Win3mu - Part 8 - The Module Loader

This is Part 8 in a series of articles about building Win3mu — a 16-bit Windows 3 emulator. If you’re not sure what this is or why I’m doing it you might like to read from the start.

This post covers module loading — the process of loading .exe and .dll files. You’ve no doubt heard the term “Dynamic Link Library” — that’s what this post is mostly about — dynamic linking.

This post is a little longer and a little more tedious than previous articles because the topic is fairly involved. Bear with me — by the end it’ll all make sense and we’ll have covered everything required to get a simple program running under Win3mu.

The Module Manager

In Win3mu the ModuleManager class is responsible to loading and unloading modules. It supports two kinds of modules both of which derive from a common base class called ModuleBase.
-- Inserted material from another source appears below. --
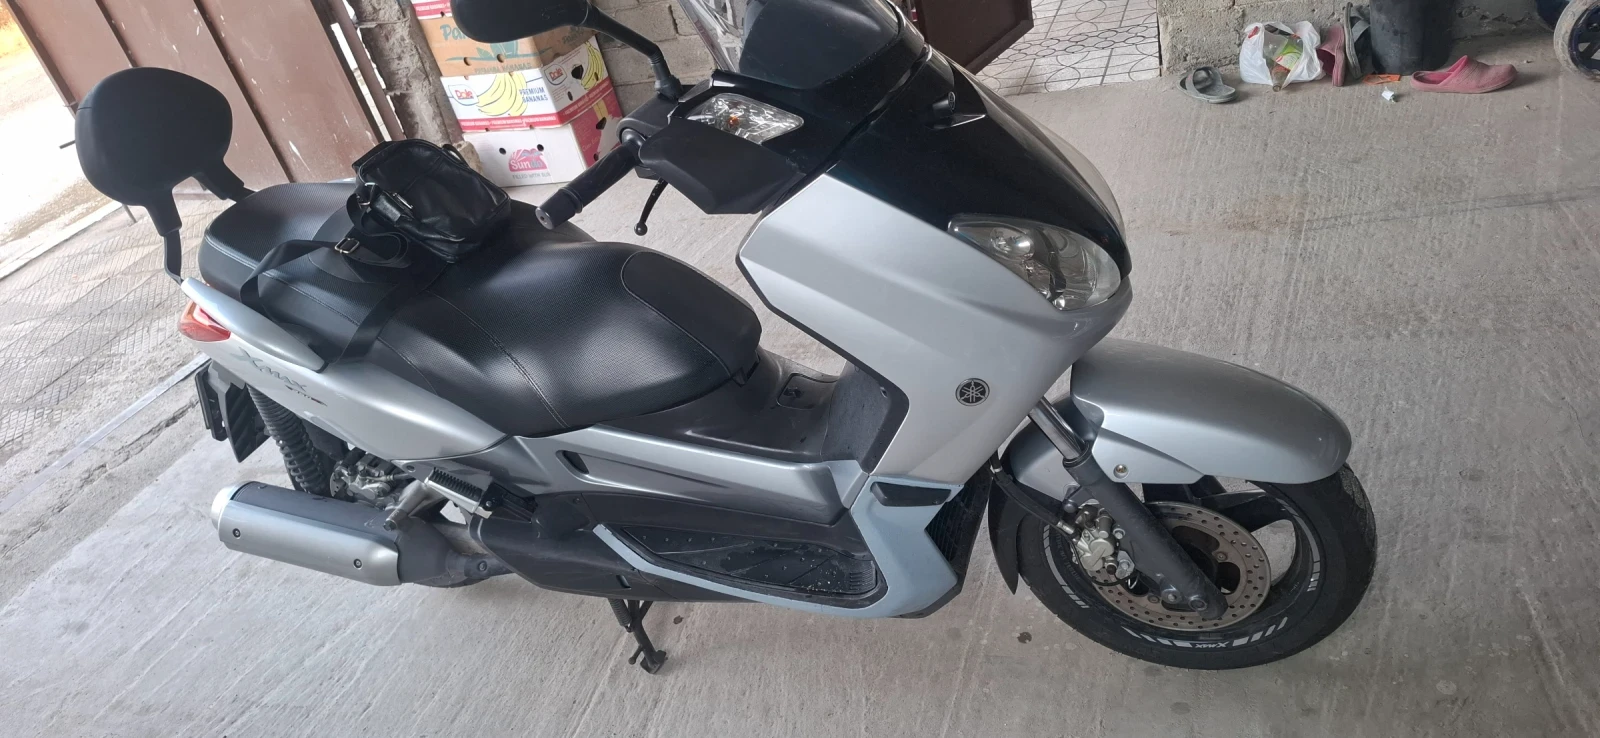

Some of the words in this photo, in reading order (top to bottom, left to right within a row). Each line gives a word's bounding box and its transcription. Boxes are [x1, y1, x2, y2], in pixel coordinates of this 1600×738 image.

[454, 88, 475, 100] Dole
[518, 86, 545, 95] PREMIUM
[521, 94, 549, 103] BANANAS
  • Module16 — encapsulates a module loaded from 16-bit .dll or .exe file whose code will run on the emulated CPU.
  • Module32 — a module written in C# that emulates a 16-bit module (often by calling the real Windows API).

Modules based on Module32 are created and registered with the module manager during start up:

// Base functionality common to all modules
abstract class ModuleBase
{
}

// Module loaded from 16-bit .exe or .dll
class Module16 : ModuleBase
{
}

// C# emulation of a well known system module
class Module32 : ModuleBase
{
}

// Kernel, User, GDI and others implemented like this...
class Kernel : Module32
{
    
}

// Machine class represents the entire Win3mu environment
class Machine()
{
    public Machine()
    {
        // Register the standard modules with the module manager
        _moduleManager.Register(new Kernel());
        _moduleManager.Register(new User());
        _moduleManager.Register(new GDI());
    }
}

Note: I use the term “32” throughout this project to refer to the host operating system platform. When running on Windows x64 “32” actually refers to 64-bit Windows. This is similar to how Windows API is often referred to Win32 — even though it covers both the x86 and x64 editions.

ModuleBase Class

The ModuleBase class provides an abstract interface to a module and many of these methods are used in the process of loading and linking modules:

public abstract class ModuleBase
{
    public abstract string GetModuleName();
    public abstract string GetModuleFileName();
    public abstract void Load(Machine machine);
    public abstract void Unload(Machine machine);
    public abstract IEnumerable<string> GetReferencedModules();
    public abstract void Link(Machine machine);
    public abstract void Init(Machine machine);
    public abstract void Uninit(Machine machine);
    public abstract ushort GetOrdinalFromName(string functionName);
    public abstract string GetNameFromOrdinal(ushort ordinal);
    public abstract uint GetProcAddress(ushort ordinal);

    public int LoadCount;
    public bool Initialized;
    public ushort hModule;
}

Most of these methods will be described in the following sections.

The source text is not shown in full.